YOUR GOAL => No images, please. Copy each entry below exactly as it reads.

Images for object localization =>
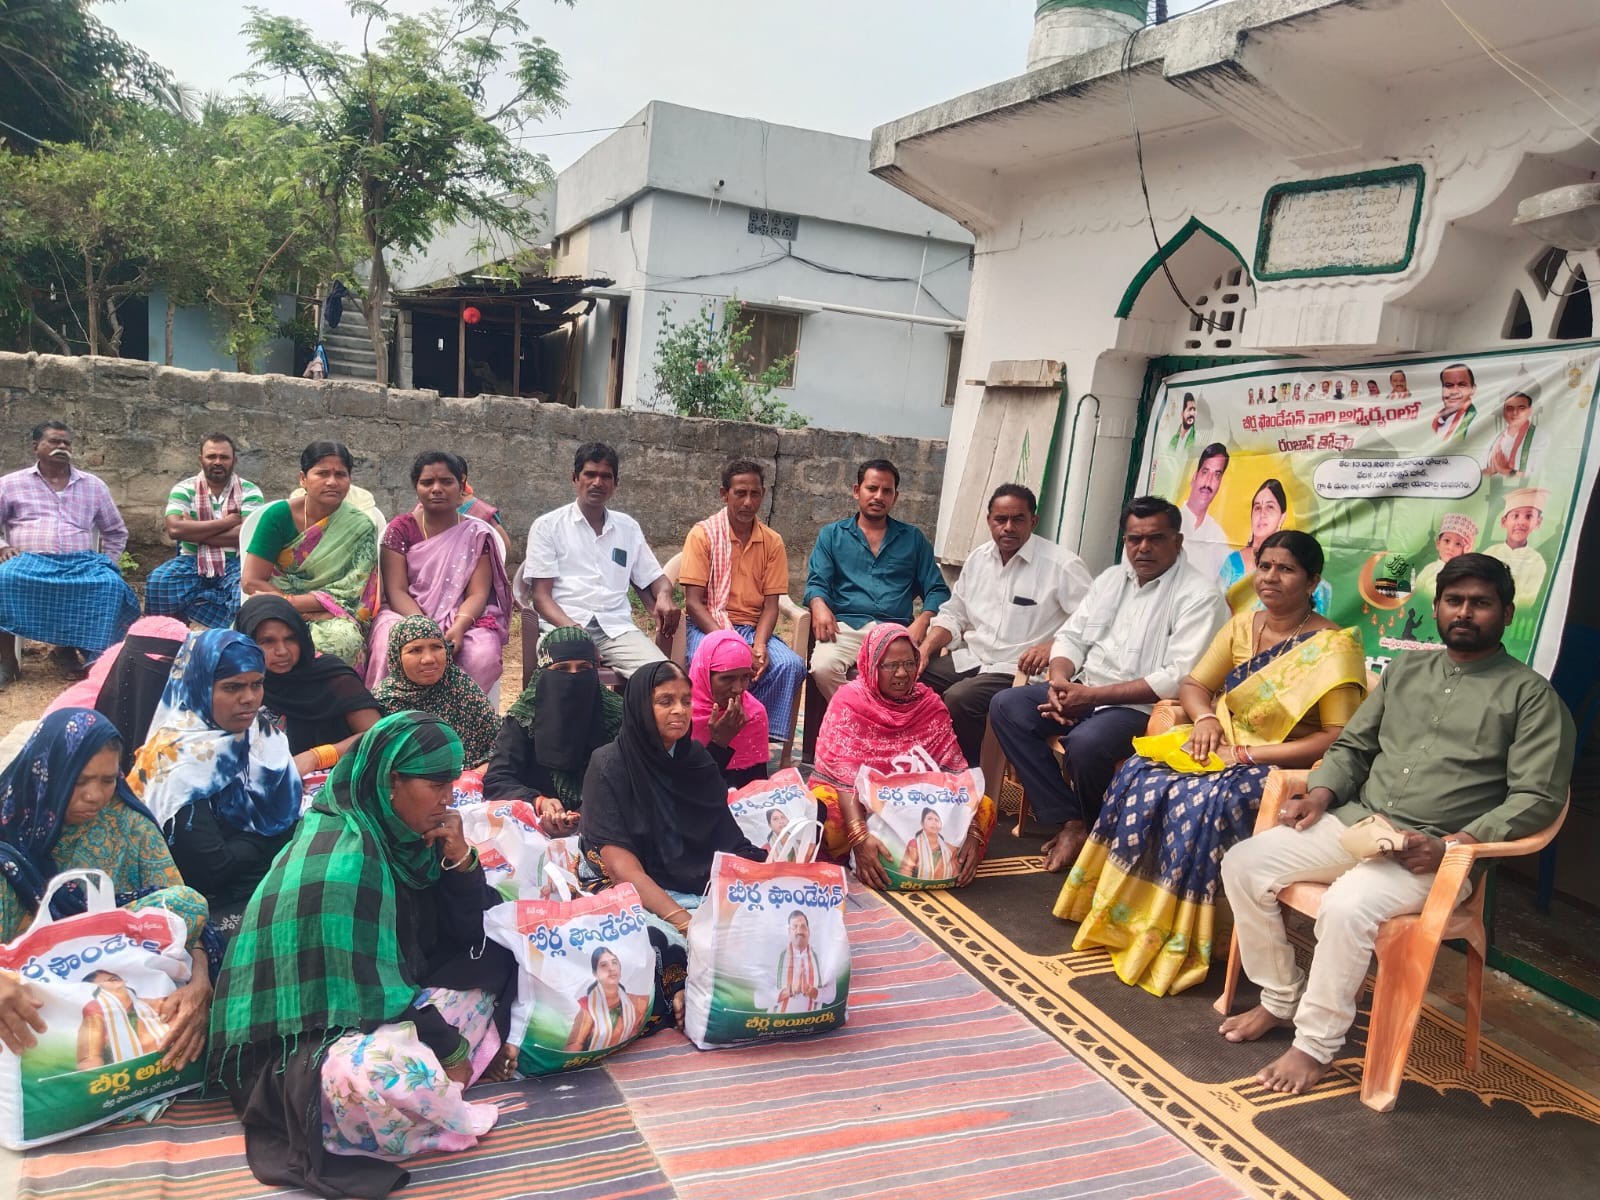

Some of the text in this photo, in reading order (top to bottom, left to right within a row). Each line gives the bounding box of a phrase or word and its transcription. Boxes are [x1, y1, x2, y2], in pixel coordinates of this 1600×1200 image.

[1258, 409, 1305, 431] ఫౌండేషన్
[1308, 410, 1335, 425] వారి
[878, 787, 905, 806] బీర్ల
[728, 880, 844, 911] బీర్ల ఫౌండేషన్
[528, 904, 646, 958] బీర్ల ఫౌండేషన్
[745, 1011, 836, 1031] బీర్ల అయిలయ్య
[89, 1068, 131, 1095] బీర్ల

YOUR RESPONSE =>
Some of the text in this photo, in reading order (top to bottom, left to right within a row). Each line gives the bounding box of a phrase or word and its transcription. Boxes are [x1, y1, x2, y2], in pixel coordinates of this 1600×1200 image.

[1258, 409, 1305, 431] ఫౌండేషన్
[1308, 410, 1335, 425] వారి
[878, 787, 905, 806] బీర్ల
[728, 880, 844, 911] బీర్ల ఫౌండేషన్
[528, 904, 646, 958] బీర్ల ఫౌండేషన్
[745, 1011, 836, 1031] బీర్ల అయిలయ్య
[89, 1068, 131, 1095] బీర్ల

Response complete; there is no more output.